Medical students’ emotional wellbeing

A systematic review and meta-analysis of 167 cross-sectional and 16 longitudinal studies found a 27.2% prevalence of depression or depressive symptoms among medical students (95% confidence interval (CI) 24.7%–29.9%)1. The included papers covered 129,123 individuals in 47 countries. Analysis of 24 studies from 15 countries identified an 11.1% prevalence of suicidal ideation (CI 9.0%–13.7%). Seven papers reported information on 954 medical students who had screened positive for depression – just 15.7% of them said they had sought treatment for the condition (CI 10.2%–23.4%).

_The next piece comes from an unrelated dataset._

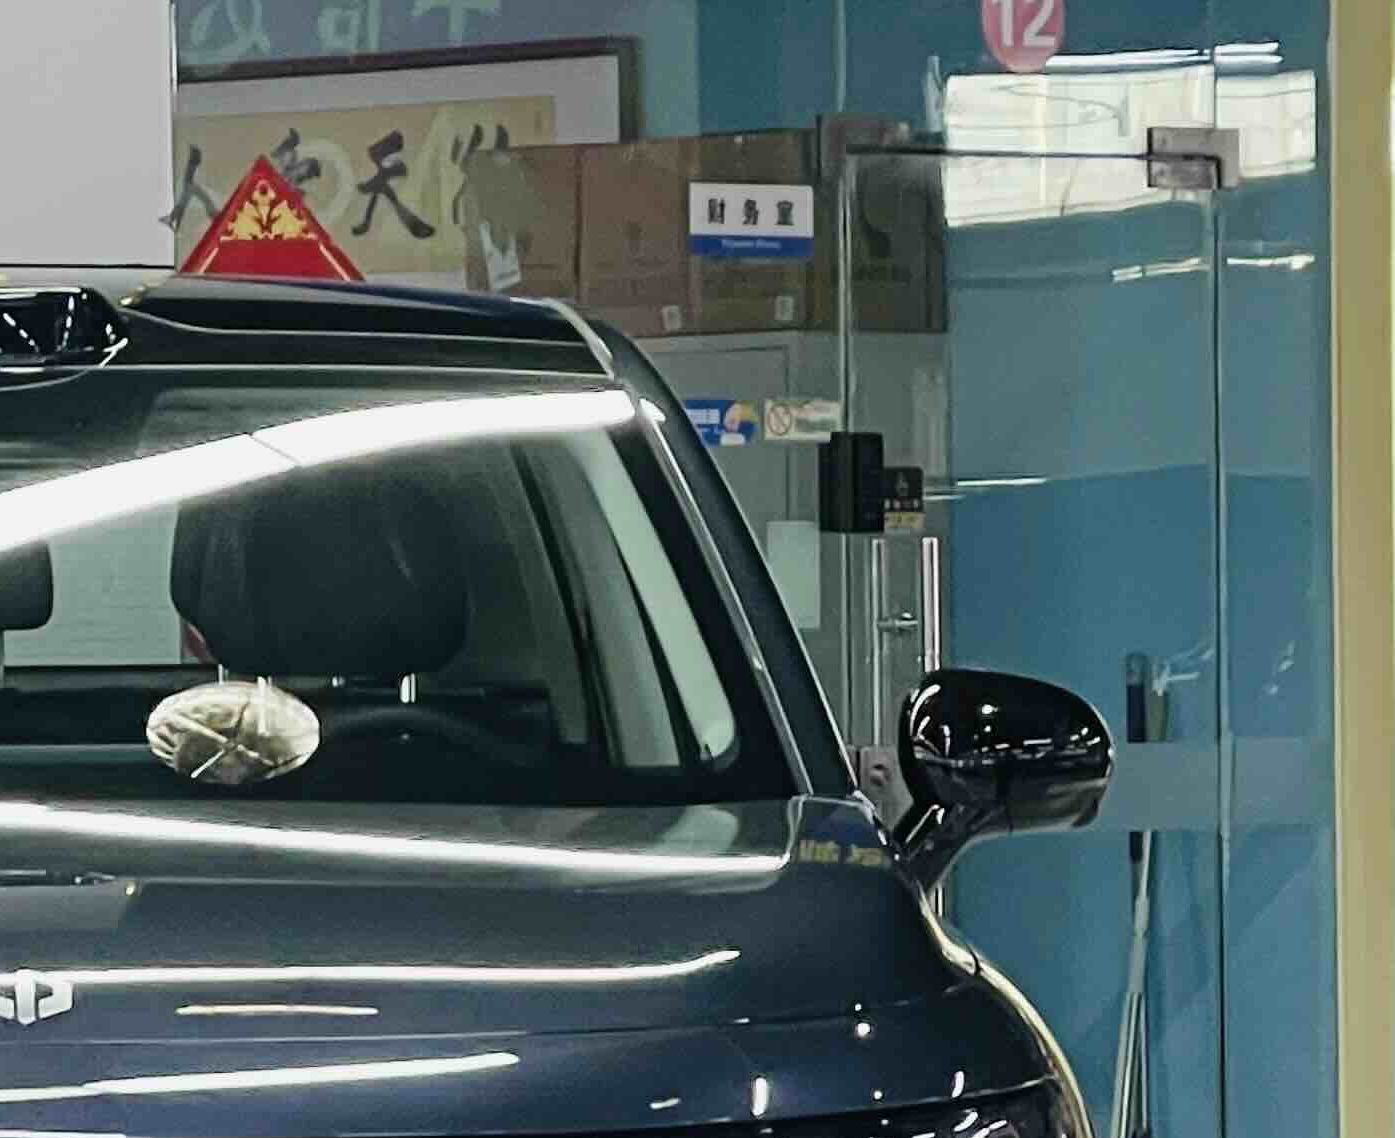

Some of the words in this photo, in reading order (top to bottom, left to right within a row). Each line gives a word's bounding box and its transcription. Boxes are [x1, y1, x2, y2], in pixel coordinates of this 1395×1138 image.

A second systematic review of 28 papers covering 8,224 participants, found limited, low-quality evidence, that various interventions to improve the emotional wellbeing of medical students can be effective2. Interventions included: mental health programmes; ‘mind-body’ or mindfulness-type training; wellbeing; mentoring; using simple pass/fail grading (rather than traditional A–F or honours/pass/fail grades) to avoid the stress associated with competing for higher grades; changing the curriculum structure (eg more clinical contact time); and multicomponent programmes. Three studies on pass/fail grading had the highest methodological quality and all demonstrated improvements in various measures of mental health and wellbeing.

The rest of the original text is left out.